作者
Rui Jiang,Qing Zhang,Dongmei Ji,Tingting Jiang,Yuan Hu,Shitao He,Long Tao,Juan Shen,Wei Zhang,Yuxiang Song,Yicheng Ma,Shilu Tong,Fangbiao Tao,Yuyou Yao,Chunmei Liang
摘要
The arsenic (As) methylation capacity is an important determinant of susceptibility to As-related diseases. Total As (TAs) or inorganic As (iAs) was reported to associated with As methylation capacity. We measured urinary concentrations of iAs, monomethylarsonic acid (MMA), and dimethylarsinic acid (DMA) by using HPLC-HG-AFS and calculated the primary methylation capacity index (PMI) and secondary methylation capacity index (SMI) in 209 university students in Hefei, China, a non-As endemic area. Volunteers were given a standardized questionnaire asking about their sociodemographic characteristics. Bayesian kernel machine regression (BKMR) analysis was used to estimate the association of lnTAs and lniAs levels with methylation indices (ln%MMA, ln%DMA, lnPMI, lnSMI).
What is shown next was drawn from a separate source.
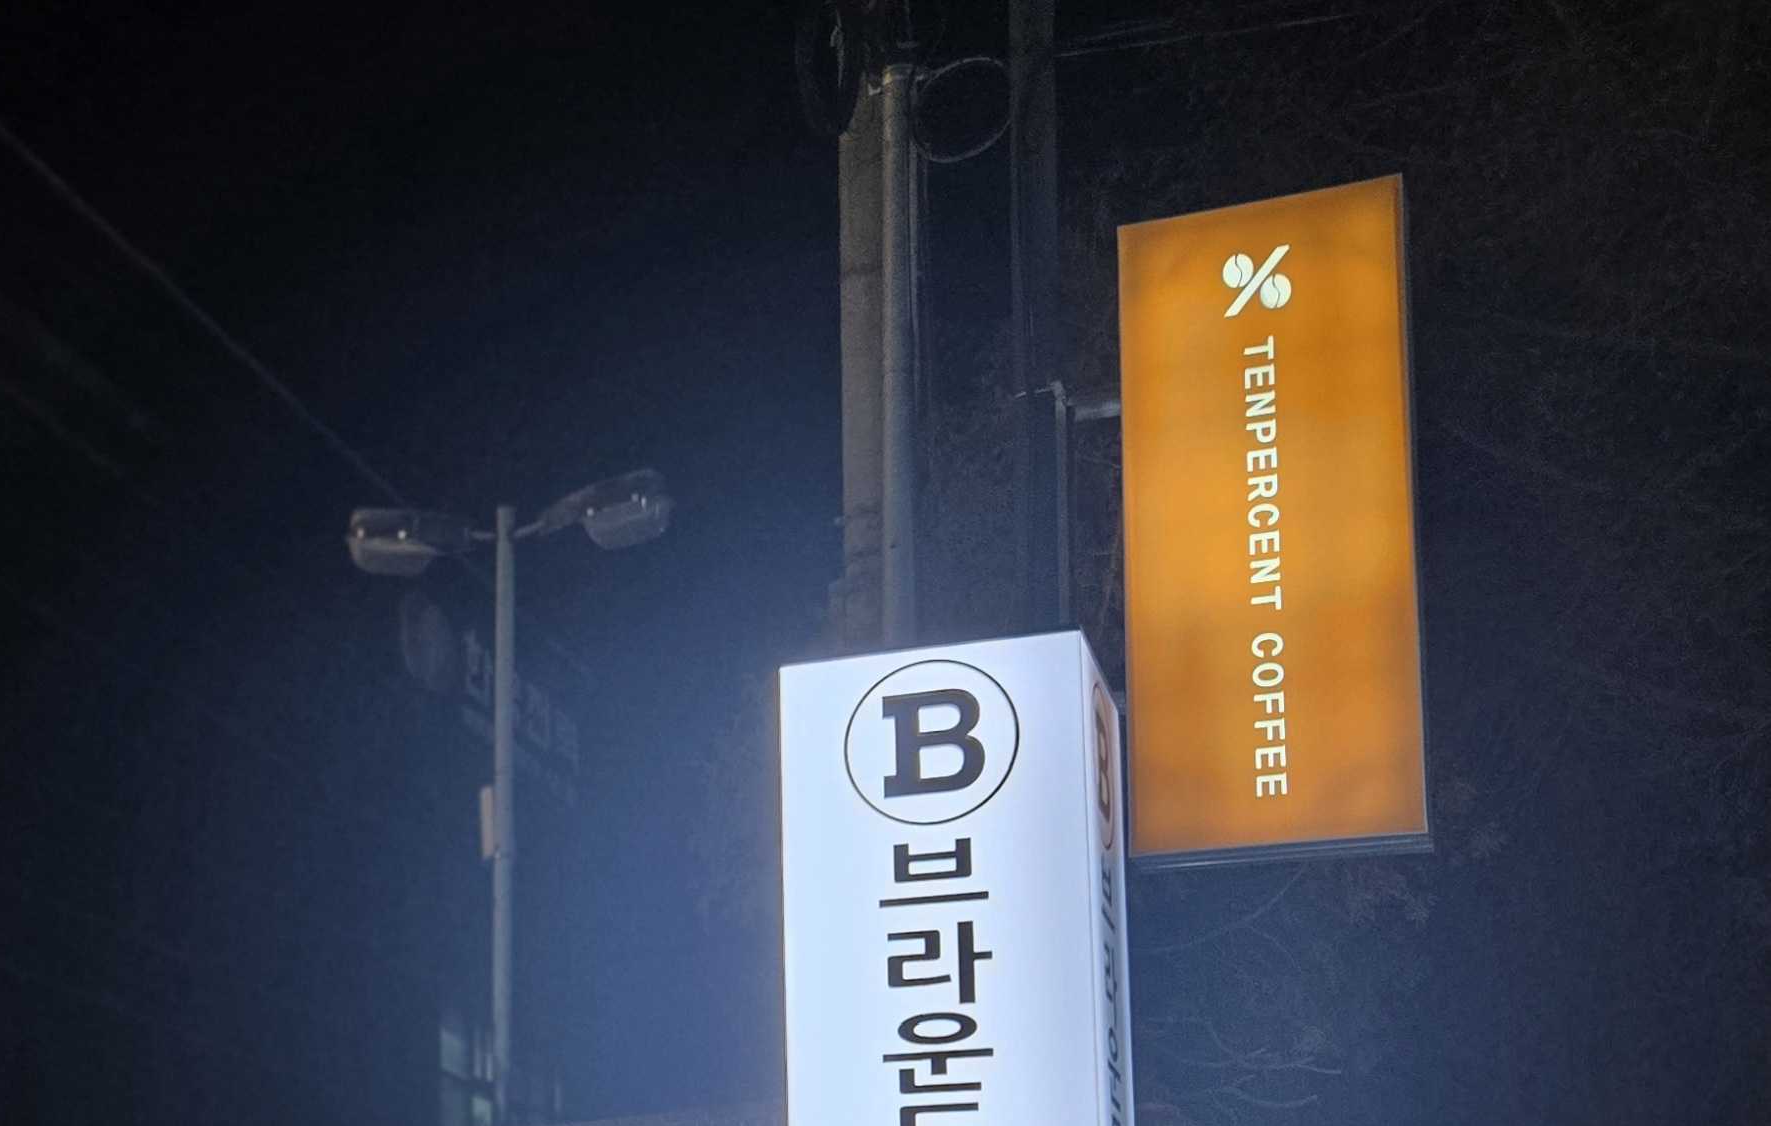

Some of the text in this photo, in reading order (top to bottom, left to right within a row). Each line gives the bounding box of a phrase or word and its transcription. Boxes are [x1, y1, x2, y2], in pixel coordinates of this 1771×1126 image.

The median concentrations of iAs, MMA, and DMA were 1.22, 0.92, and 12.17 μg/L, respectively; the proportions of iAs, MMA, and DMA were 8.76%, 6.13%, and 84.84%, respectively. Females had higher %DMA and lower %MMA than males. The combined levels of lnTAs and lniAs showed a decrease in the changes in ln%DMA and lnSMI. With regard to the single exposure level, the lnTAs showed positive correlations with ln%DMA, lnPMI, and lnSMI when lniAs was set at a specific level, while lniAs showed negative correlations with ln%DMA, lnPMI, and lnSMI when lnTAs was set at a specific level; all the dose-response relationships were nonlinear. Our results suggested that combined levels of TAs and iAs play an important role in reducing As methylation capacity, especially iAs, and the reduction only occurs when TAs and iAs are present up to a certain combined level.